When you have something great, you want everyone to know. So you tell people about it. You share it. You pass it along to friends everywhere. Well, that’s what we’re doing with InterGalactic Medicine Show. We want to make sure everyone has had a chance to check out what we’re doing, so we’re offering up a sampling of our stories – for free.

During the month of February we are going to make one story from each of our first four issues available at no charge. Two stories will be set free on February 1st, and two more on February 15th. Just visit www.intergalacticmedicineshow.com and explore the table of contents; the free stories will be clearly marked.

Issue one’s free story will be “Trill and The Beanstalk” by Edmund R. Schubert, issue two’s will be “Yazoo Queen” by Orson Scott Card (from his Alvin Maker series), issue three’s “Xoco’s Fire” by Oliver Dale, and issue four’s “Tabloid Reporter To The Stars” by Eric James Stone.

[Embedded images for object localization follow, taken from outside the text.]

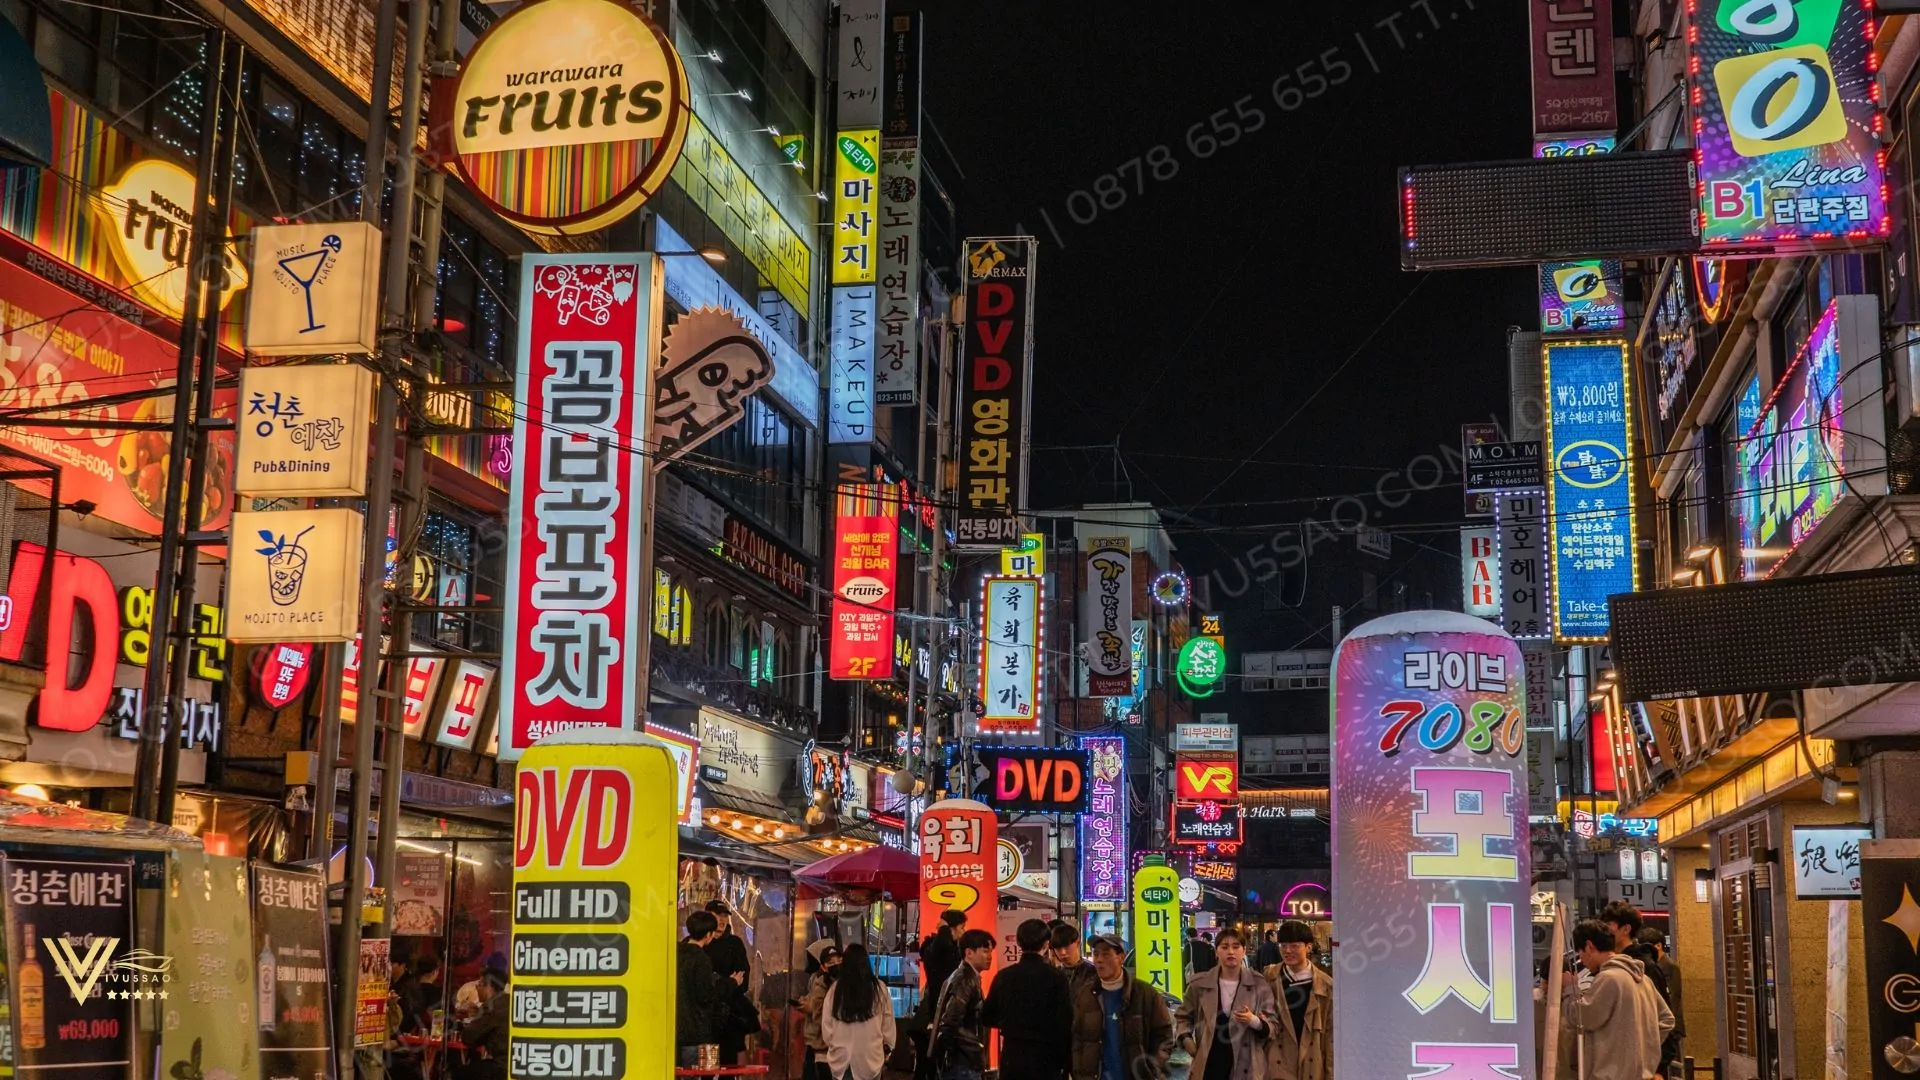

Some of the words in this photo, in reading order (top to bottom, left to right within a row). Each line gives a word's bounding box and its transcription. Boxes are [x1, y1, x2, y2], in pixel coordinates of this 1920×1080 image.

[506, 62, 624, 87] warawara
[462, 80, 665, 138] Fruits
[843, 139, 874, 173] 넥타이
[1769, 159, 1868, 189] Lina
[1711, 178, 1765, 220] B1
[1772, 195, 1870, 225] 단란주점
[840, 178, 874, 270] 마사지
[276, 243, 306, 259] MUSIC
[316, 256, 337, 286] PLACE
[881, 205, 914, 371] 노래연습장
[1545, 308, 1574, 327] B1
[973, 282, 1015, 391] DVD
[90, 343, 125, 376] 이야기
[247, 391, 304, 437] 청춘
[290, 416, 344, 451] 예찬
[253, 459, 331, 474] Pub&Dining
[526, 340, 624, 709] 꼼보포차
[959, 518, 1017, 540] 진동의자
[864, 558, 890, 569] BAR
[1470, 536, 1494, 606] BAR
[244, 612, 286, 624] MOJITO
[289, 611, 324, 623] PLACE
[1202, 621, 1220, 634] 24
[847, 657, 877, 676] 2F
[1404, 651, 1508, 694] 라이브
[117, 687, 221, 752] 진의자
[1181, 727, 1234, 739] 피부관리샵
[1379, 701, 1523, 756] 7080
[996, 757, 1082, 803] DVD
[1182, 766, 1234, 794] VR
[515, 765, 636, 872] DVD
[1092, 778, 1116, 880] 노래연습장
[1181, 822, 1234, 837] 노래연습장
[924, 816, 983, 863] 육회
[11, 869, 126, 908] 청춘예찬
[258, 874, 320, 912] 청춘예찬
[516, 889, 560, 918] Full
[569, 888, 619, 918] HD
[1096, 884, 1110, 896] B1
[1143, 889, 1171, 901] 넥타이
[1288, 900, 1325, 916] TOL
[514, 940, 621, 971] Cinema
[1146, 908, 1171, 993] 마사지
[512, 988, 617, 1025] 대형스크린
[511, 1042, 616, 1078] 진동의자

Each story is fully illustrated by artists who were commissioned to create artwork to accompany that tale — as is every story published in IGMS.

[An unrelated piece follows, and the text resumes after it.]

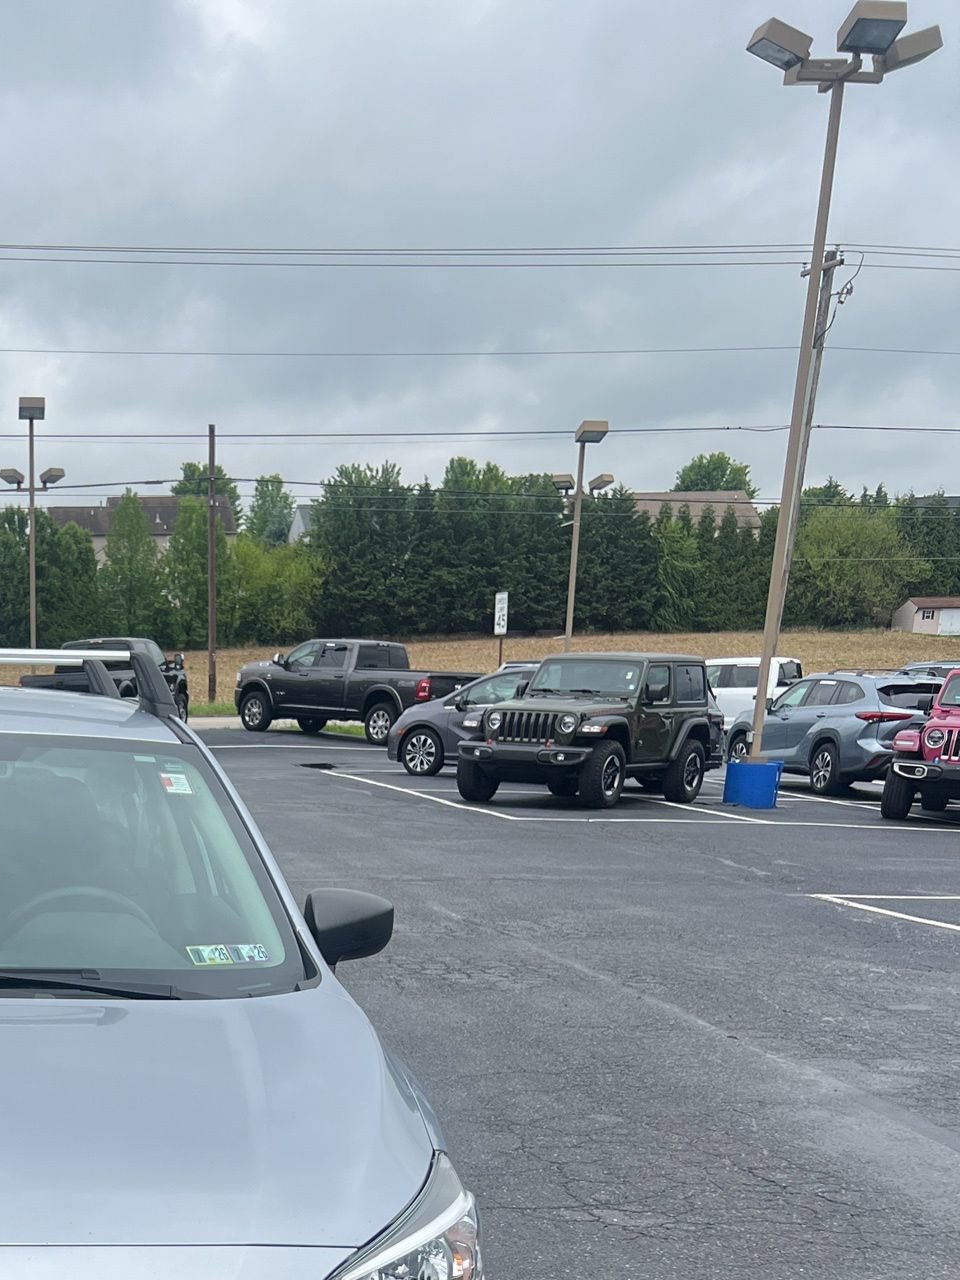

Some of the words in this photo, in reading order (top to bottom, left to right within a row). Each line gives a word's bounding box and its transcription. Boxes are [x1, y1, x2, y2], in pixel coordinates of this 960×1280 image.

“Tabloid Reporter To The Stars” will also be featured in the upcoming InterGalactic Medicine Show anthology from Tor, which will be out this August (we wanted you to get a sneak peek of the anthology, too). However, the other three stories aren’t available anywhere except the online version of IGMS.

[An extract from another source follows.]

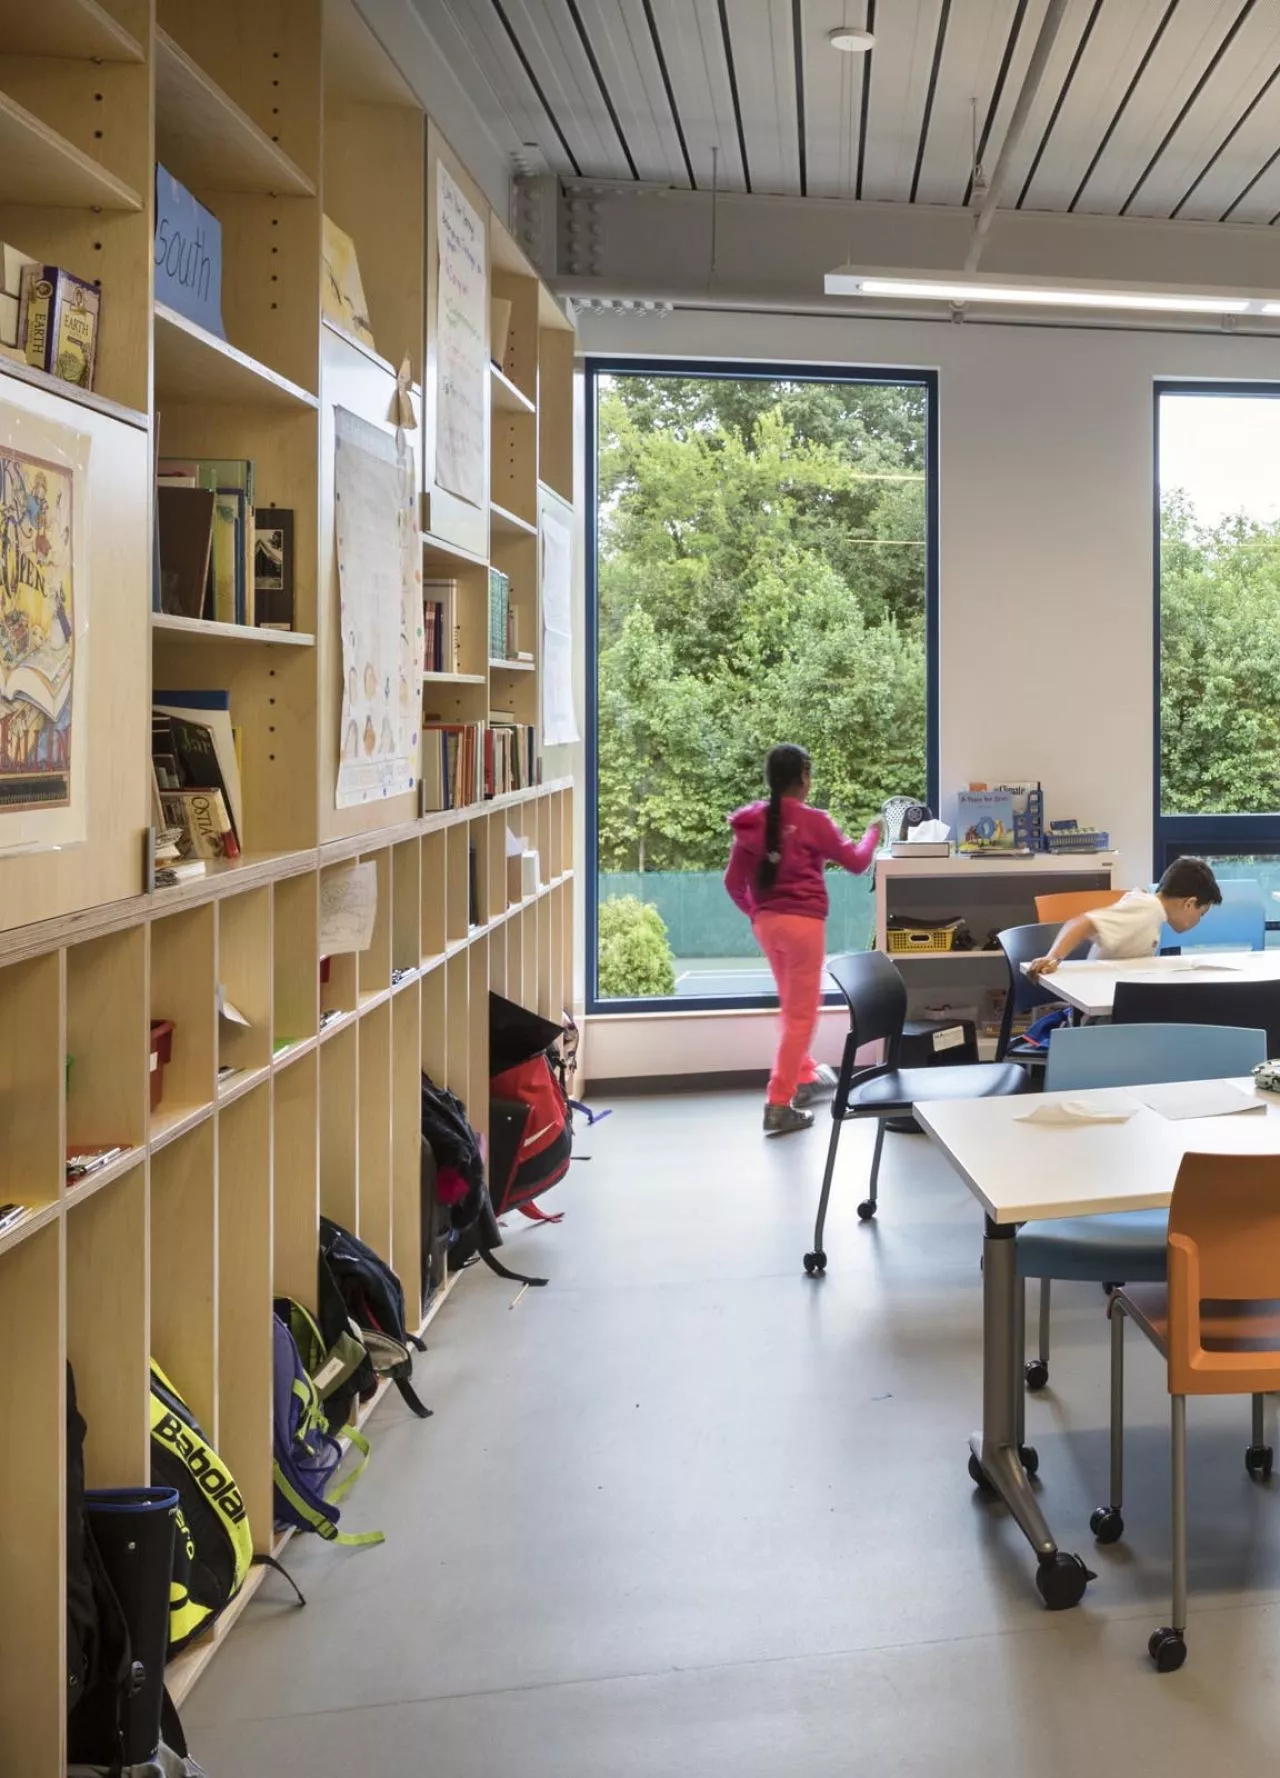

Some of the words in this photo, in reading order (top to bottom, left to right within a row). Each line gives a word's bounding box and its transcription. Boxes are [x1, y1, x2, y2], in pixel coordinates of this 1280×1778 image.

[33, 312, 46, 354] EARTH
[64, 313, 90, 336] EARTH
[190, 796, 214, 836] OSTIA

It’s really quite simple. Great stories. Custom illustrations. Free. We’re pleased with and proud of the magazine we’re publishing; now we’re passing it along to our friends and telling them about it. We hope you’ll enjoy it and do the same.

Edmund R. Schubert
Editor, Orson Scott Card’s InterGalactic Medicine Show
www.intergalacticmedicineshow.com

And for those of you who read Shades of Milk and Honey, most of the characters in the book got their names from friends. Edmund gave his first name to Mr. Dunkirk.